Policies were put in place to enhance Zionist activity in the target countries to ensure the immigrants would come. Esther Meir-Glitzenstein notes that "Interestingly, Ben-Gurion cites political and rational reasons for bringing Jewish displaced persons from Europe, whereas in discussing the immigration of the Jews from Islamic countries he mentions not only a political and rational reason, but also a cultural-orientalist explanation, since the 'degeneration' of the East was one of the basic elements of this perception."

==Following establishment of Israel==
Implementation of a significant part of the One Million Plan's plans and recommendations took place in the newly established State of Israel, following its creation of in 1948. This included mass Aliyah, the setting up of Immigrant camps and Ma'abarot, the Reparations Agreement between Israel and West Germany, the National Water Carrier of Israel and the National Outline Plan.

As a result of the withdrawal of British forces and the declaration of the State of Israel in May 1948, the immigration restrictions to the country were removed, making it possible to implement the policy changes relating to large-scale Aliyah focused on Jews from Arab and Muslim countries.
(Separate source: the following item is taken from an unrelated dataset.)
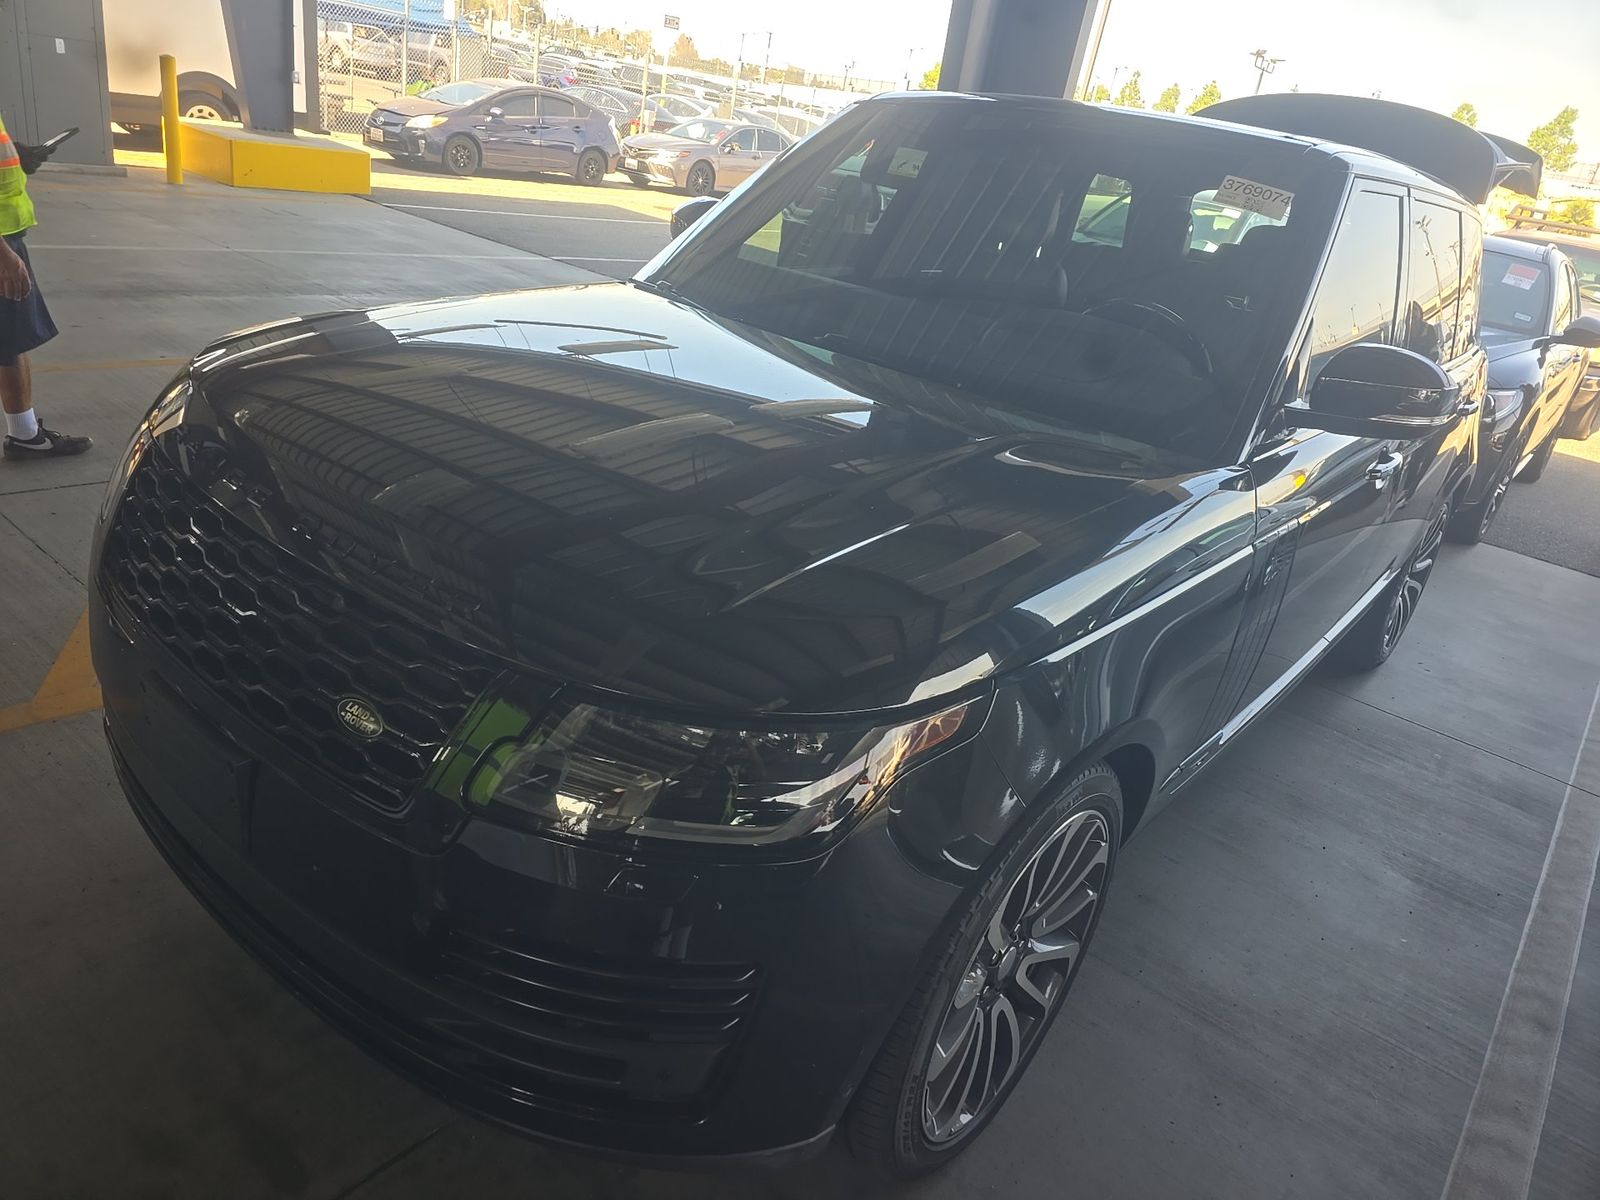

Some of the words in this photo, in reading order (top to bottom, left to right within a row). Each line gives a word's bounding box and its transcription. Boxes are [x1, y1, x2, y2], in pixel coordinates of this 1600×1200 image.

[1223, 179, 1291, 206] 3769074
[345, 702, 370, 720] LAND
[344, 712, 374, 734] ROVER
Ben Gurion's government subsequently presented the Knesset with a plan to double the population of 600,000 within four years. This immigration policy had some opposition within the new Israeli government, such as those who argued that there was "no justification for organizing large-scale emigration among Jews whose lives were not in danger, particularly when the desire and motivation were not their own" as well as those who argued that the absorption process caused "undue hardship". However, the force of Ben-Gurion's influence and insistence ensured that unrestricted immigration continued.
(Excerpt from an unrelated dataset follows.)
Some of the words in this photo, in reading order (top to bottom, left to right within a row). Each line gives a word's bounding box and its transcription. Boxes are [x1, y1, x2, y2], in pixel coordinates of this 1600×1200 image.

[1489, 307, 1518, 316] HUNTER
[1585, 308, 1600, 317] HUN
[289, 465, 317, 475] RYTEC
According to Dr Irit Katz, the ma'abarot camps were the product of the One Million Plan. Dr Roy Kozlovsky notes that the prior existence of the One Million Plan suggests that "the concept of the ma'abara was in fact the precondition for, not the effect of, mass immigration". Dr Piera Rossetto described the debate around the conditions of the Ma'abarot, stating her opinion that "the most controversial issue in this respect is not the outcome (e.g. the ma’abarot) of the choice, rather the choice in itself to bring to Israel so many thousands of immigrants, following the idea of the “One Million Plan” unveiled by Ben Gurion in 1944".